[Data excerpts Boundary: Start]
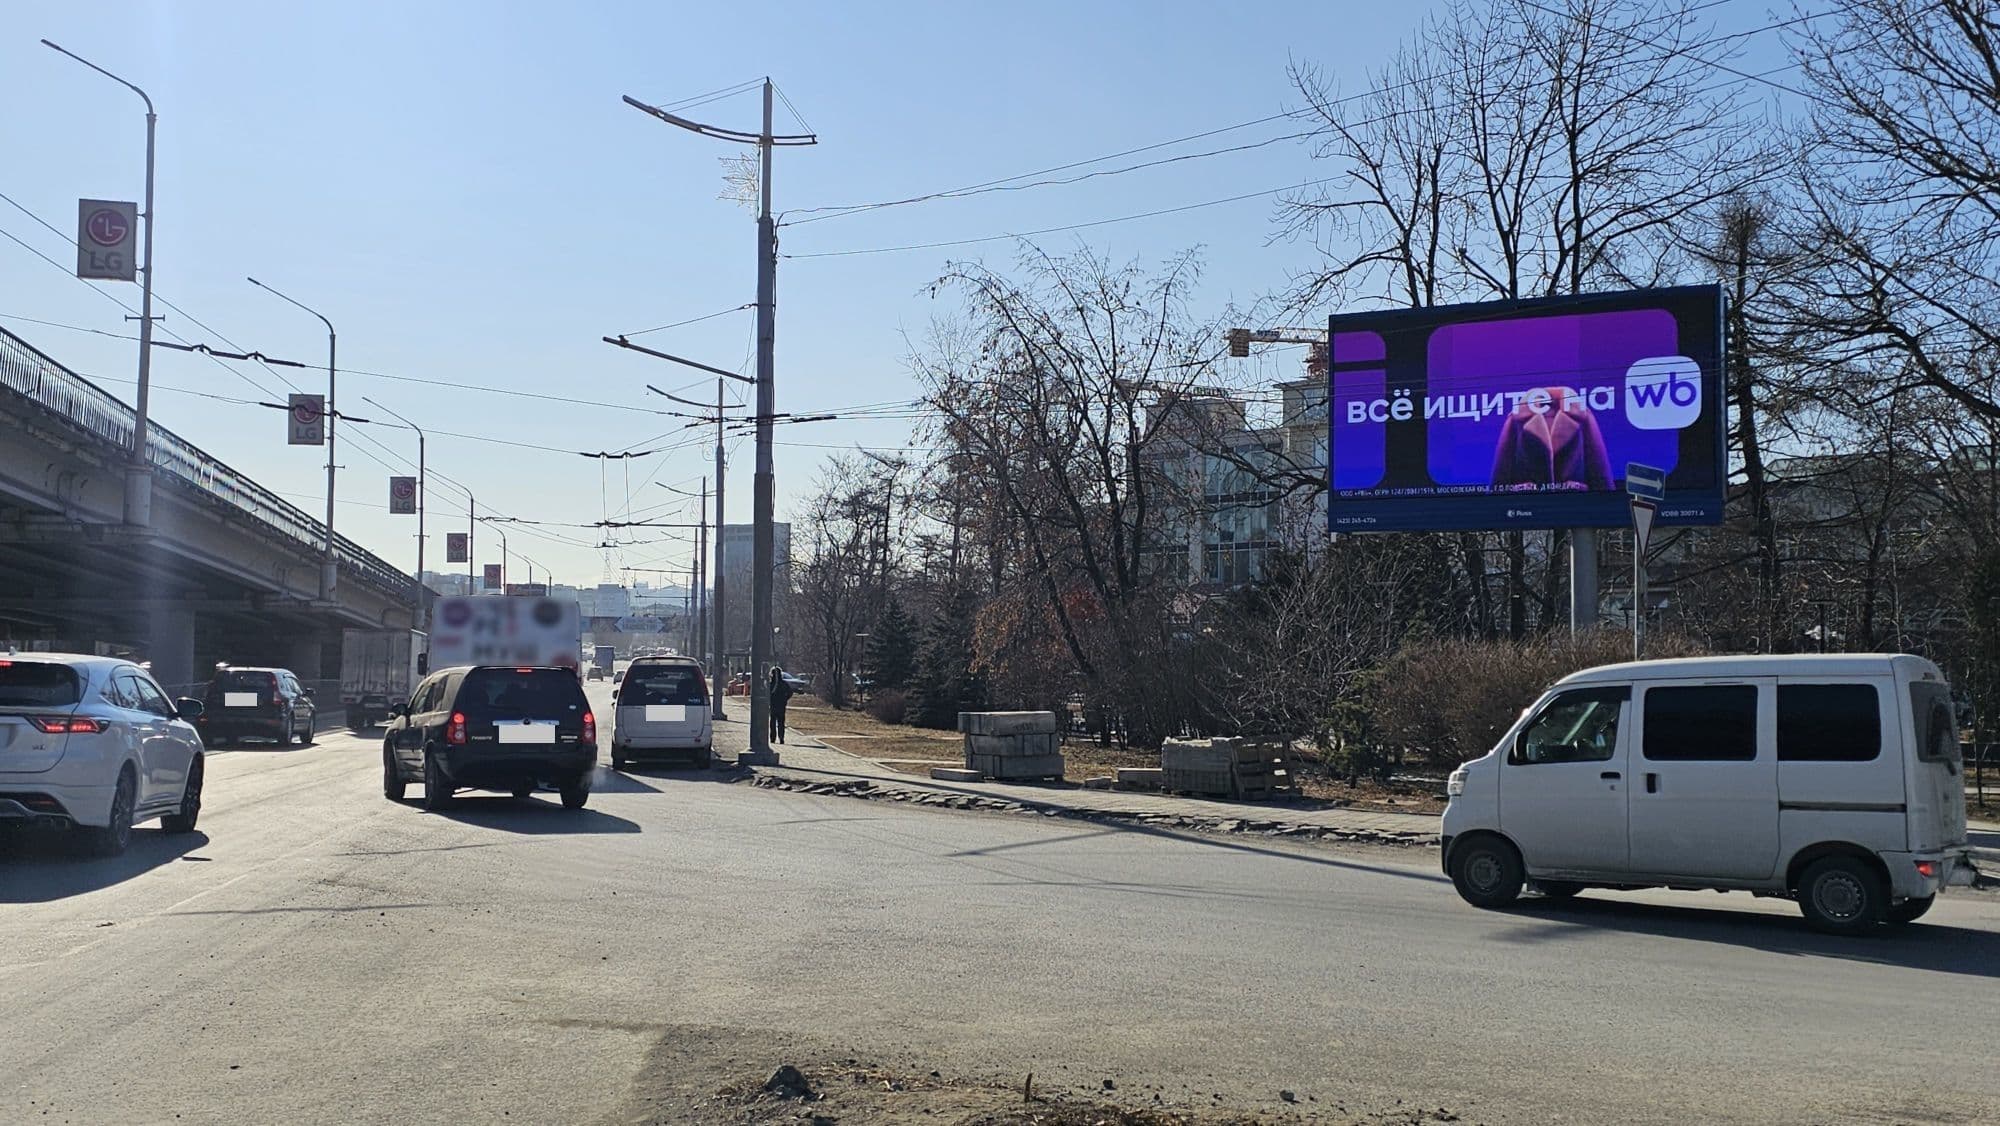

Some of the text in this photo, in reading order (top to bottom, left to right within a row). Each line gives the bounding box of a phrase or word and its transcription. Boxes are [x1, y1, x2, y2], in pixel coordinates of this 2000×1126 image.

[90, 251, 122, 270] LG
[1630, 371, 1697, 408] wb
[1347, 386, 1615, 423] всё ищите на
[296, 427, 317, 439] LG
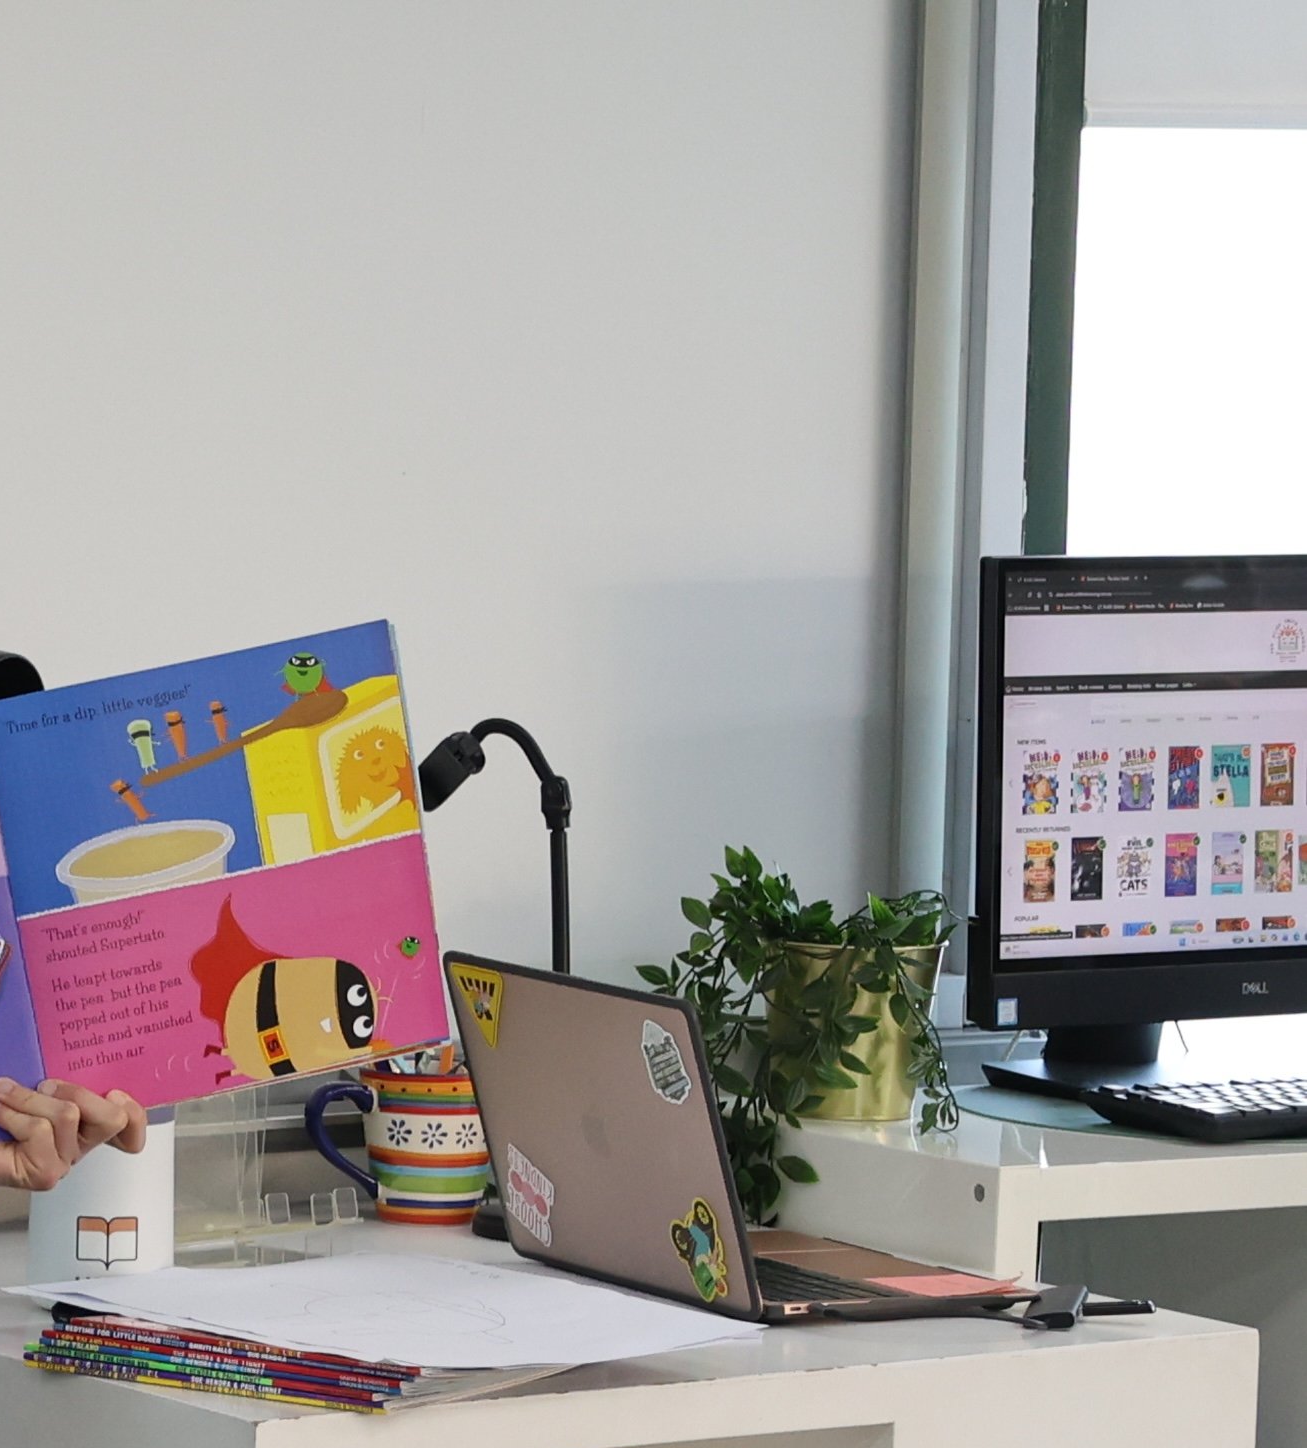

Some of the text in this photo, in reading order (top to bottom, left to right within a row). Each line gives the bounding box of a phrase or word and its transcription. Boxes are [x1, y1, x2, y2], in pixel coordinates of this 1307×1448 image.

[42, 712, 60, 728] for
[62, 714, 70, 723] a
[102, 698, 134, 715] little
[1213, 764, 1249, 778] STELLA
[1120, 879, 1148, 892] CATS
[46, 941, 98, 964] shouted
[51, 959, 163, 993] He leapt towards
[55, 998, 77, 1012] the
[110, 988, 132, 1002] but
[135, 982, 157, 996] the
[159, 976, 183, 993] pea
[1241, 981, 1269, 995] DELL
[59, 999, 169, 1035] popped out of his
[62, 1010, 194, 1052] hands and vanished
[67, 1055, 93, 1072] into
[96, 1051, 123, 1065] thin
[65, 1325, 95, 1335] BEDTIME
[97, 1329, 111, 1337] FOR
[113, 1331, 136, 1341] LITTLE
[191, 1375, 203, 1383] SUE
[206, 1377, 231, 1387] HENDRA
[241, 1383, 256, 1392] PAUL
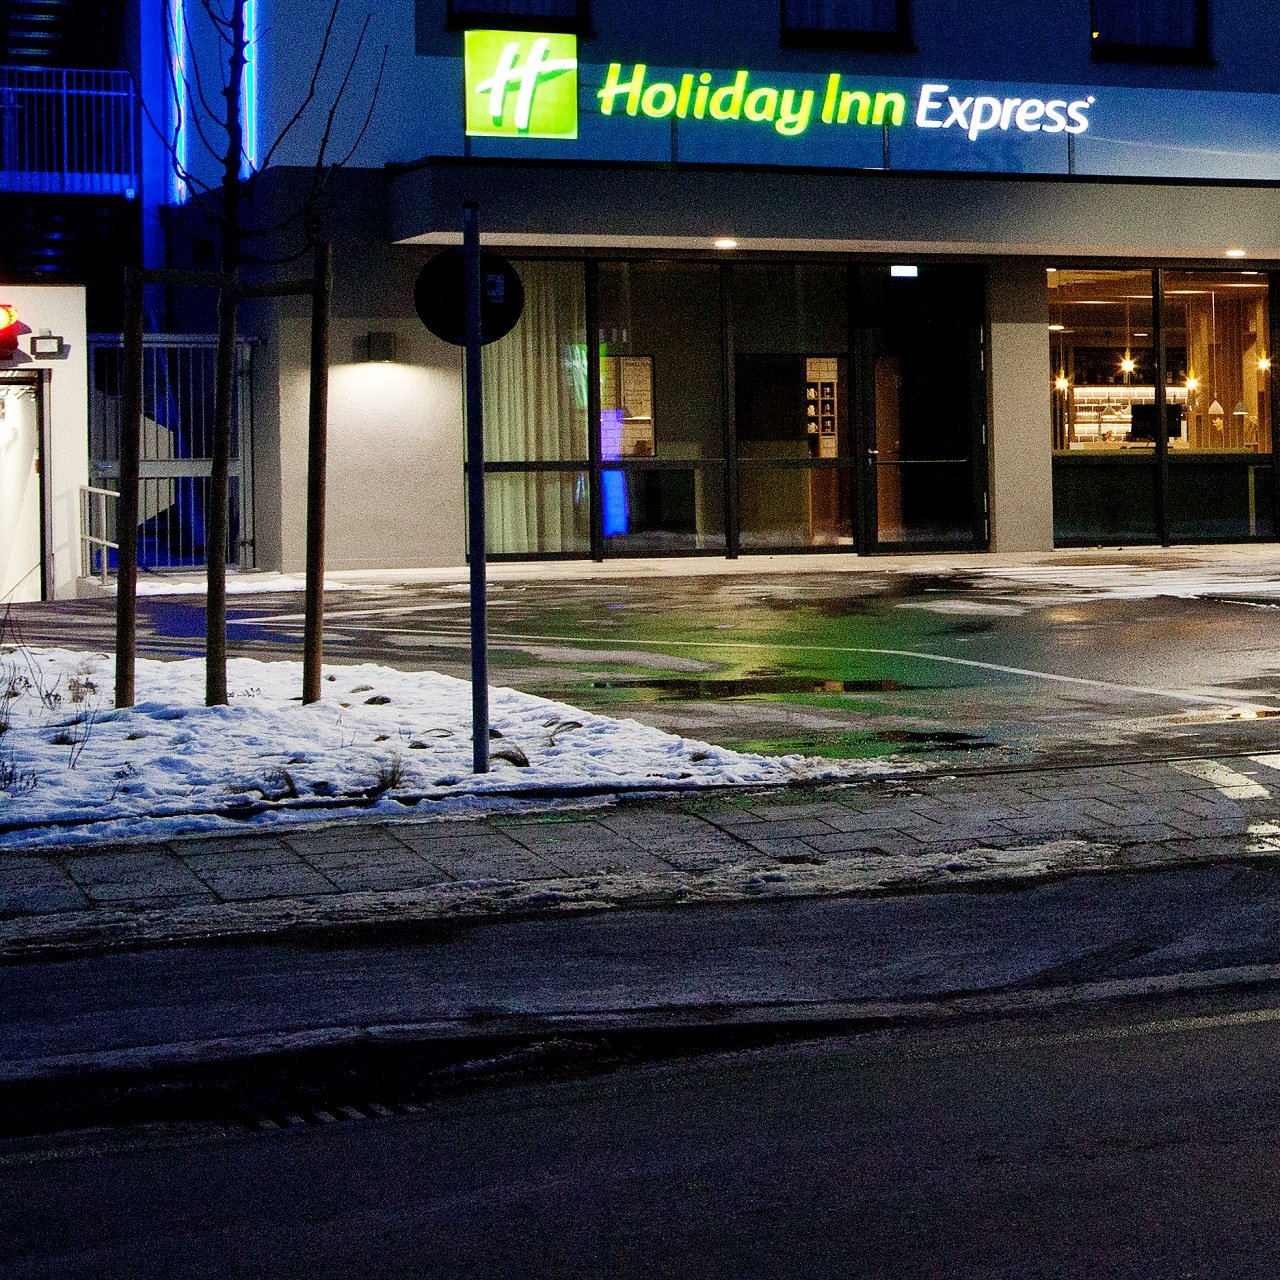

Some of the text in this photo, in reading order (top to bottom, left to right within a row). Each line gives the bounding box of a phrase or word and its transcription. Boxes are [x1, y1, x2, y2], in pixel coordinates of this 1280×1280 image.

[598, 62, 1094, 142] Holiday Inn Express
[Data excerpts Boundary: End]
Aim of the exercise: Your job is to transcribe the records exactly and in full. Pictures are not part of the copy.

Task answer:
Some of the text in this photo, in reading order (top to bottom, left to right within a row). Each line gives the bounding box of a phrase or word and its transcription. Boxes are [x1, y1, x2, y2], in pixel coordinates of this 2000×1126 image.

[90, 251, 122, 270] LG
[1630, 371, 1697, 408] wb
[1347, 386, 1615, 423] всё ищите на
[296, 427, 317, 439] LG

Some of the text in this photo, in reading order (top to bottom, left to right within a row). Each line gives the bounding box of a phrase or word and its transcription. Boxes are [x1, y1, x2, y2], in pixel coordinates of this 1307×1448 image.

[42, 712, 60, 728] for
[62, 714, 70, 723] a
[102, 698, 134, 715] little
[1213, 764, 1249, 778] STELLA
[1120, 879, 1148, 892] CATS
[46, 941, 98, 964] shouted
[51, 959, 163, 993] He leapt towards
[55, 998, 77, 1012] the
[110, 988, 132, 1002] but
[135, 982, 157, 996] the
[159, 976, 183, 993] pea
[1241, 981, 1269, 995] DELL
[59, 999, 169, 1035] popped out of his
[62, 1010, 194, 1052] hands and vanished
[67, 1055, 93, 1072] into
[96, 1051, 123, 1065] thin
[65, 1325, 95, 1335] BEDTIME
[97, 1329, 111, 1337] FOR
[113, 1331, 136, 1341] LITTLE
[191, 1375, 203, 1383] SUE
[206, 1377, 231, 1387] HENDRA
[241, 1383, 256, 1392] PAUL

Some of the text in this photo, in reading order (top to bottom, left to right within a row). Each line gives the bounding box of a phrase or word and its transcription. Boxes are [x1, y1, x2, y2], in pixel coordinates of this 1280×1280 image.

[598, 62, 1094, 142] Holiday Inn Express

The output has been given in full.